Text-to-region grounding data
BEGIN
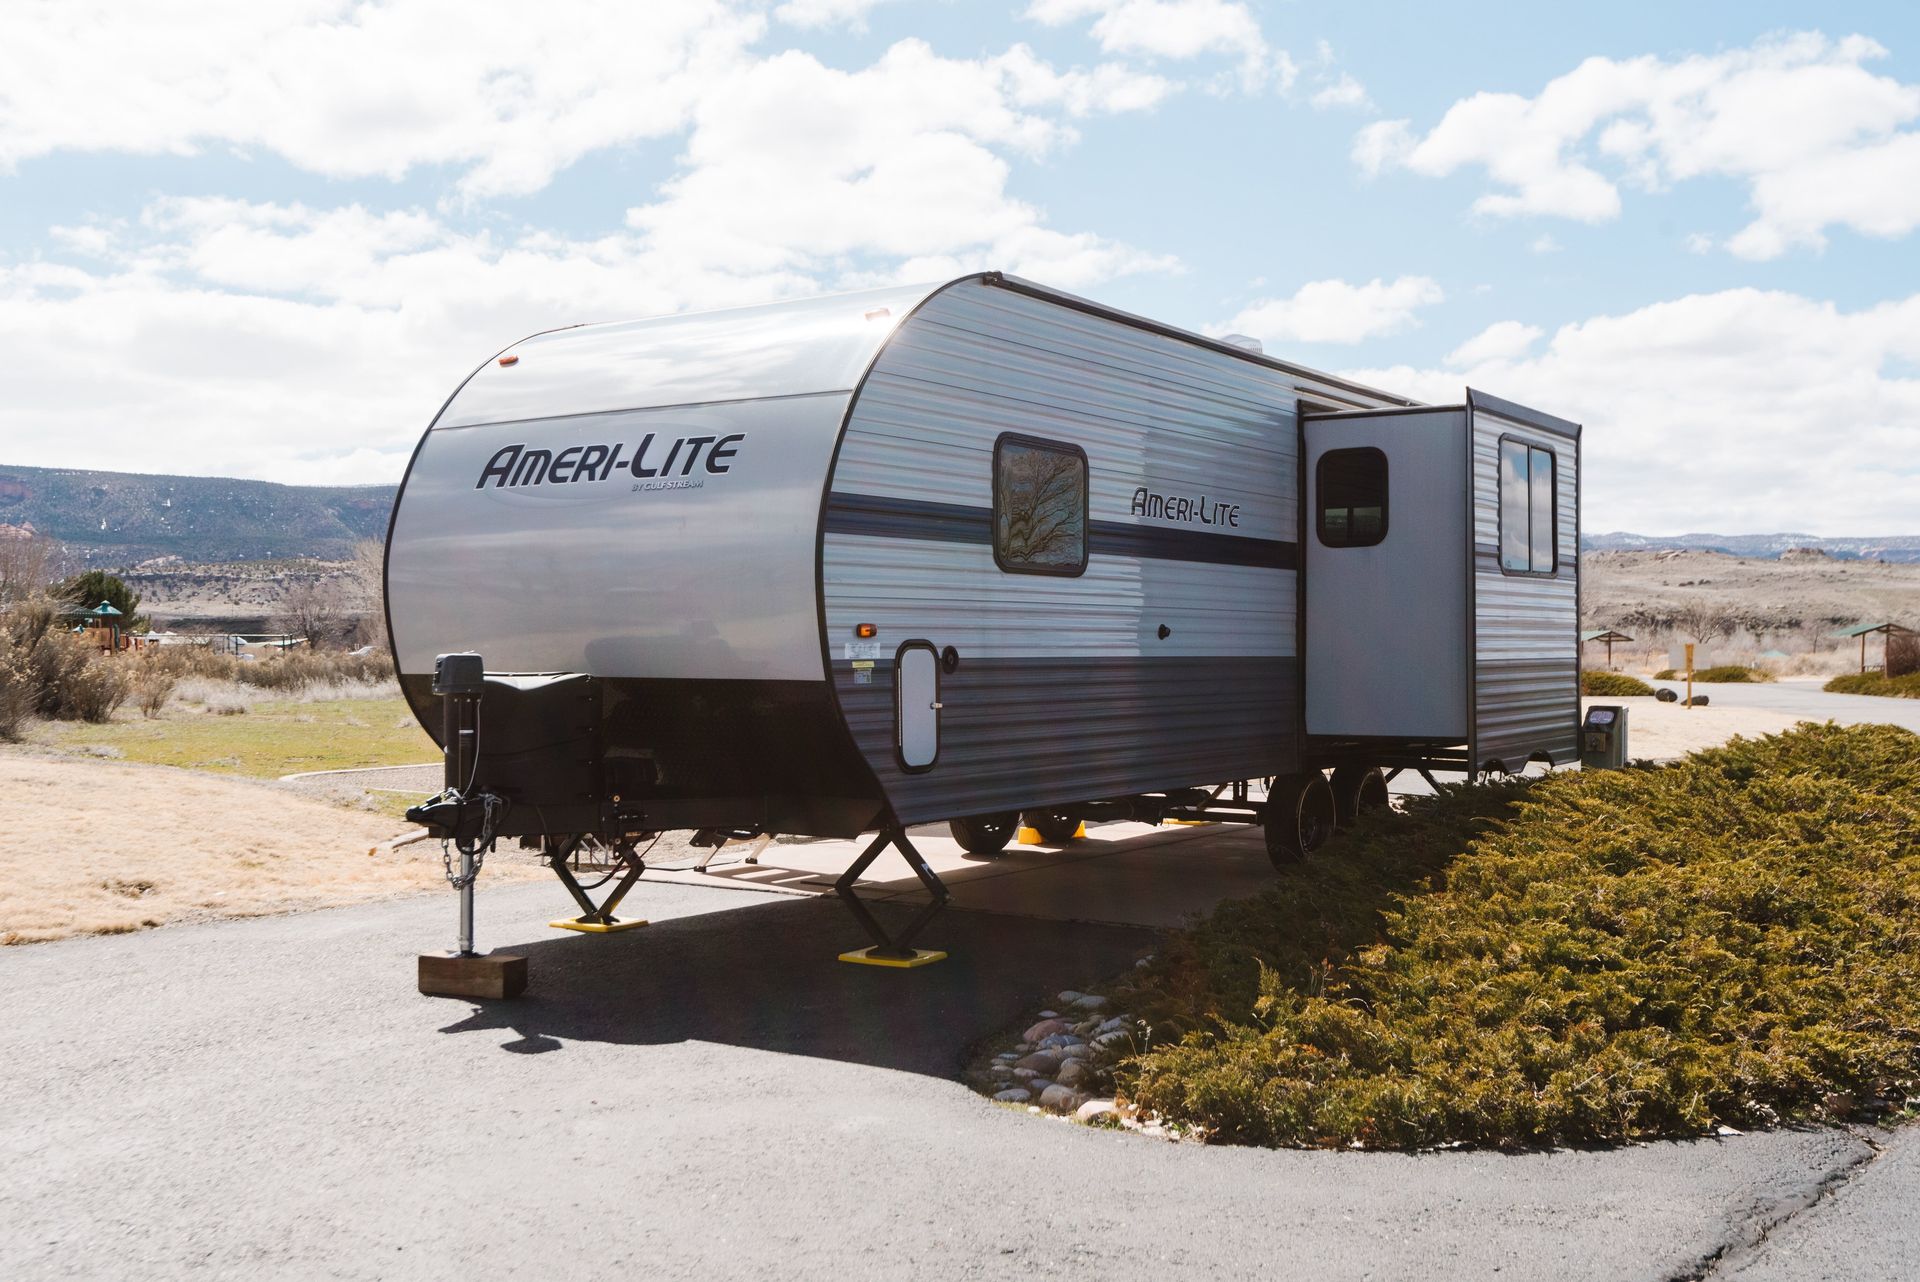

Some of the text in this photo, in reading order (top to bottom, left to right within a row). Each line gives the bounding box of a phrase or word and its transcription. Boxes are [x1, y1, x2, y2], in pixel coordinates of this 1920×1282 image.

[475, 432, 747, 490] AMERI-LITE
[632, 480, 704, 491] BY GULF STREAM
[1130, 486, 1240, 527] AMERI-LITE
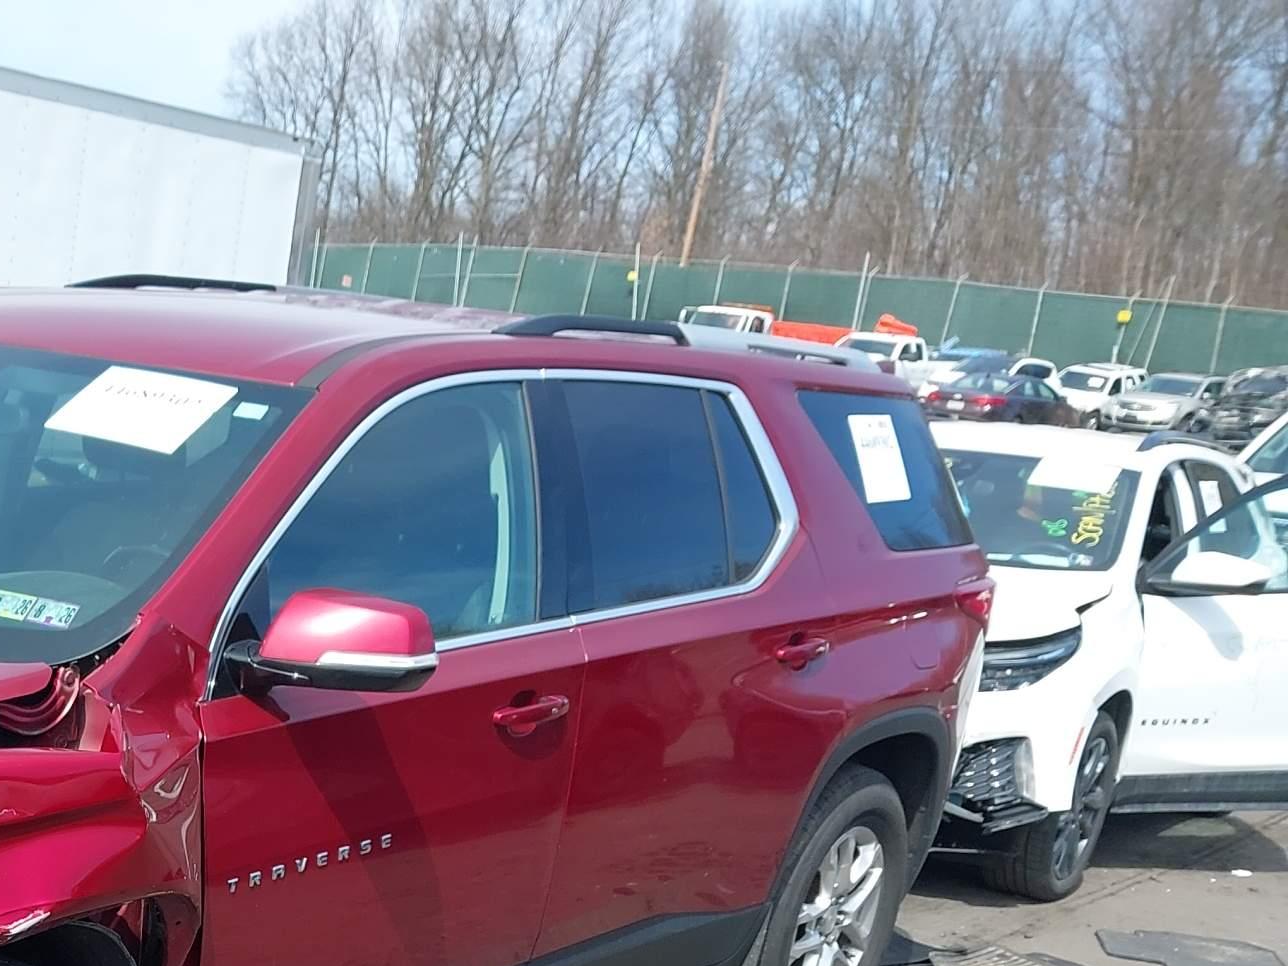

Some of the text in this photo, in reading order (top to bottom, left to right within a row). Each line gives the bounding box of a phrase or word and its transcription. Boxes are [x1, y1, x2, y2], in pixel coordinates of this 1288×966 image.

[15, 599, 33, 616] 26
[59, 607, 76, 625] 26
[1140, 718, 1210, 727] EQUINOX
[226, 833, 393, 894] TRAVERSE
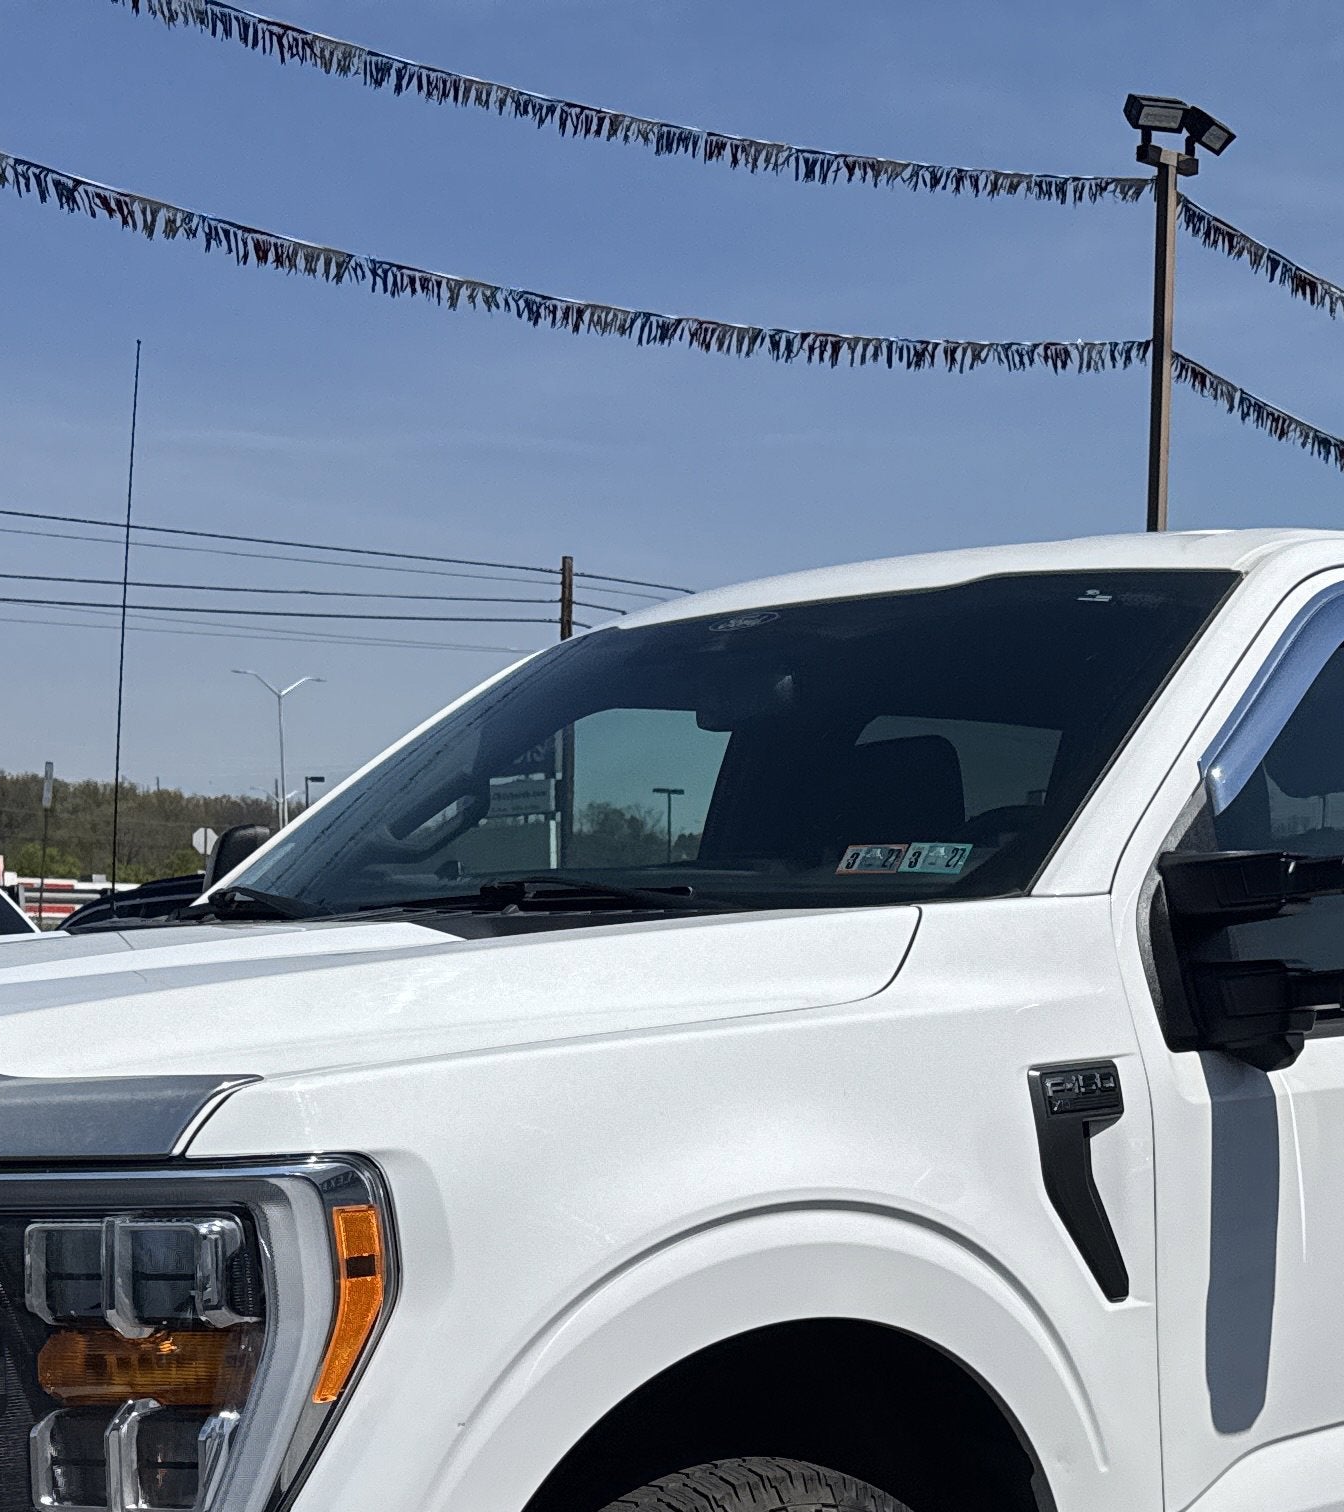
END
Take the line containing "this 1288×966 image." and every line after it up to the end of the data, and write them out exactly, without the pictures.

Answer space
Some of the text in this photo, in reading order (top to bottom, left to right within a row). Each line gives the bounding box of a phrase or word and its transcription. Boxes are [x1, y1, x2, y2], in pixel coordinates of this 1288×966 image.

[15, 599, 33, 616] 26
[59, 607, 76, 625] 26
[1140, 718, 1210, 727] EQUINOX
[226, 833, 393, 894] TRAVERSE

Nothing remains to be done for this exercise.